Папаша Упрямец не отдавал приказа сделать предупредительный выстрел и не расстреливал никого, он будто забыл, что он – командир, и невозмутимо застыл на месте, словно каменный лев-страж.
А дезертиров становилось все больше и больше, они прибывали, как покусанные волками, изгнанные со своих пастбищ овцы. Кто не пострадал, поддерживали раненых, некоторые опирались на ружья как на костыли, а другие просто их побросали. Эти бежавшие без оглядки с поля боя солдаты и офицеры думали только о спасении своей жизни. Они притормаживали возле заградительной линии и останавливались, как школьники, топчущиеся перед учителем с линейкой в руке.

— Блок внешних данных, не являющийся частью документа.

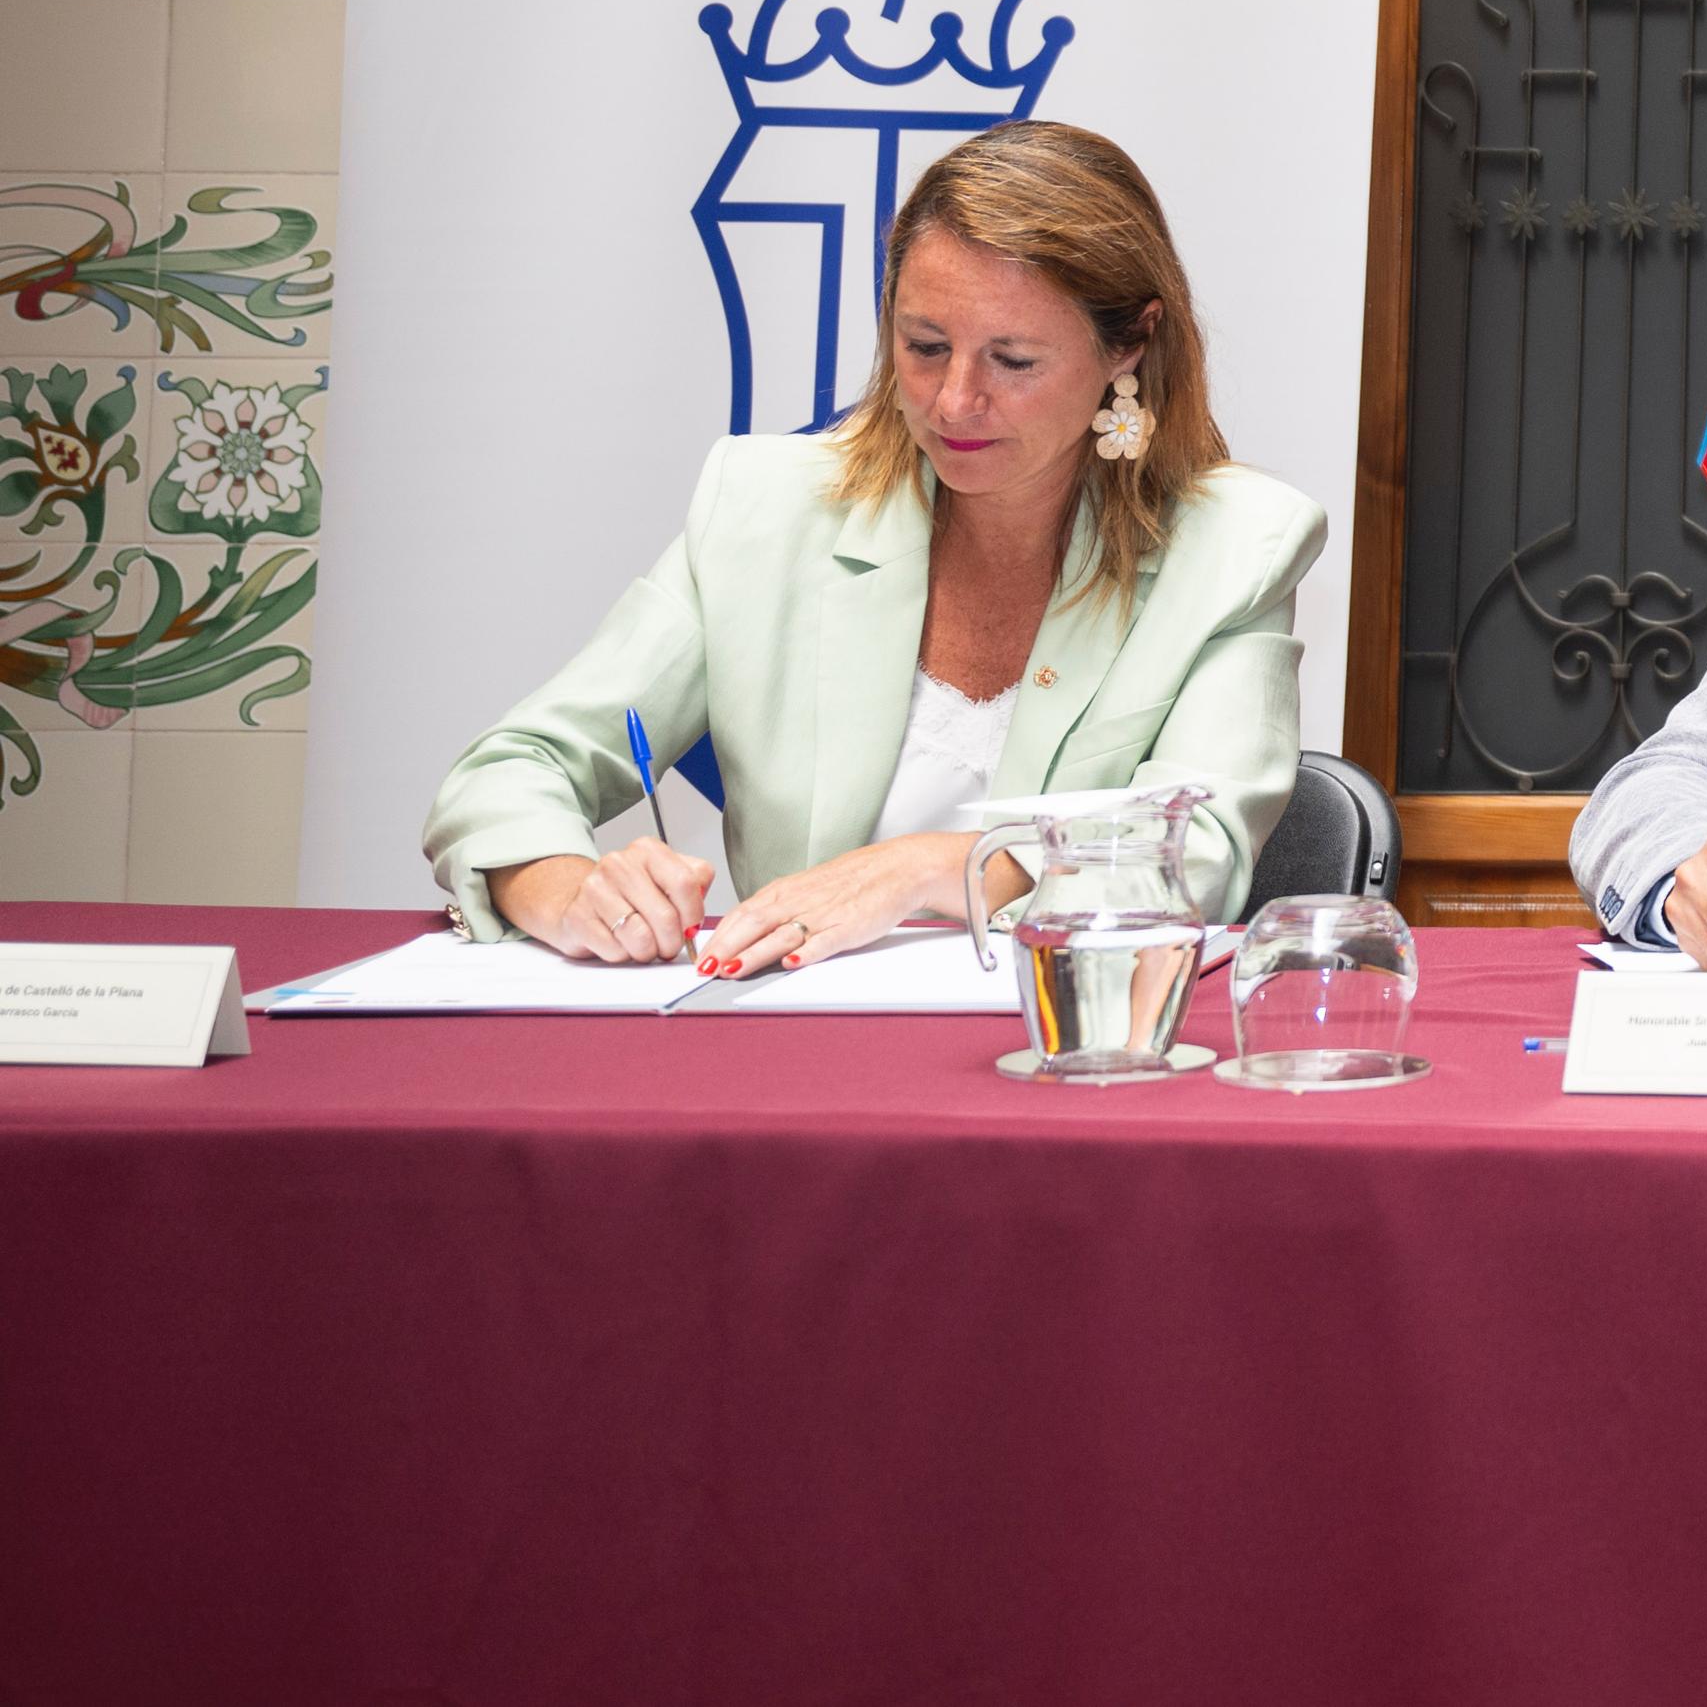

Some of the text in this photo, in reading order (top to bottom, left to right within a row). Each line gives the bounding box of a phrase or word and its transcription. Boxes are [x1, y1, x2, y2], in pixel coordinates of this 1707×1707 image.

[5, 985, 20, 996] de
[76, 985, 92, 997] de
[94, 986, 105, 997] la
[109, 986, 144, 998] Plana
[0, 1008, 40, 1017] arrasco

Многочисленные эти дезертиры ругались на все лады, кричали, что им больно, что они умирают, и всё по-гуансийски, они даже стонали с южным акцентом. У Папаши Упрямца аж потеплело на душе, и сочувствие и жалость усилились. Всегда непреклонный, вдруг он заколебался, растаял, словно лед в тепле возле очага. Не в силах сдержать чувства, он крепко выругался на родном наречии:
Услышав это, дезертиры поняли, что начальник заградотряда – их земляк, они испытали облегчение и возрадовались. Они двинулись вперед и пересекли заградительную линию, словно мигрирующие животные – реку, а потом умчались прочь. Папаша Упрямец стрелял в воздух, не двигаясь с места, как будто был недоволен тем, что дезертиры бегут недостаточно быстро, – и в то же время он вроде бы и выполнял свои должностные обязанности.
Первая волна дезертиров словно пробила брешь в плотине. Это была даже не брешь – как будто открыли ворота шлюза и пустили воду. За первой волной хлынула следующая, которая, естественно, тоже успешно прошла вперед.
Папаша Упрямец сказал своим подчиненным из заградотряда: Вы тоже бегите, если не хотите умереть.
Весь заградотряд ласточками разлетелся в разные стороны.
Прибежал командир дивизии Чжан Жуйшэн с двумя охранниками. Полы его мундира были распахнуты, оголяя живот, фуражка съехала набок, но в руках он сжимал пистолет. При виде одиноко стоящего Папаши Упрямца командир спросил: А твои бойцы?
Папаша Упрямец ответил: Убежали.
А ты почему остался?
Папаша Упрямец сказал: А почему я должен убегать?
Командир произнес: Если ты сейчас не убежишь, тебя возьмут в плен солдаты Народно-освободительной армии.
Упрямец ответил: В плен я не сдамся!
Ну, тогда ты героически погибнешь, тебе выбирать, отозвался командир.
Комдив уже собрался уходить, как вдруг кое о чем подумал и приказал своим охранникам раздеться, чтобы поменяться с ними одеждой. Те поспешно сняли с себя одежду, чтобы командир выбрал, какая ему впору; казалось, в этот момент, когда жизнь и смерть решаются, они получали удовольствие, переоблачившись в командующего.
Папаша Упрямец сурово прикрикнул: А ну стоять! Двинетесь – стрелять буду!
Командир дивизии и оба его охранника обернулись и увидели наведенное на них дуло автомата.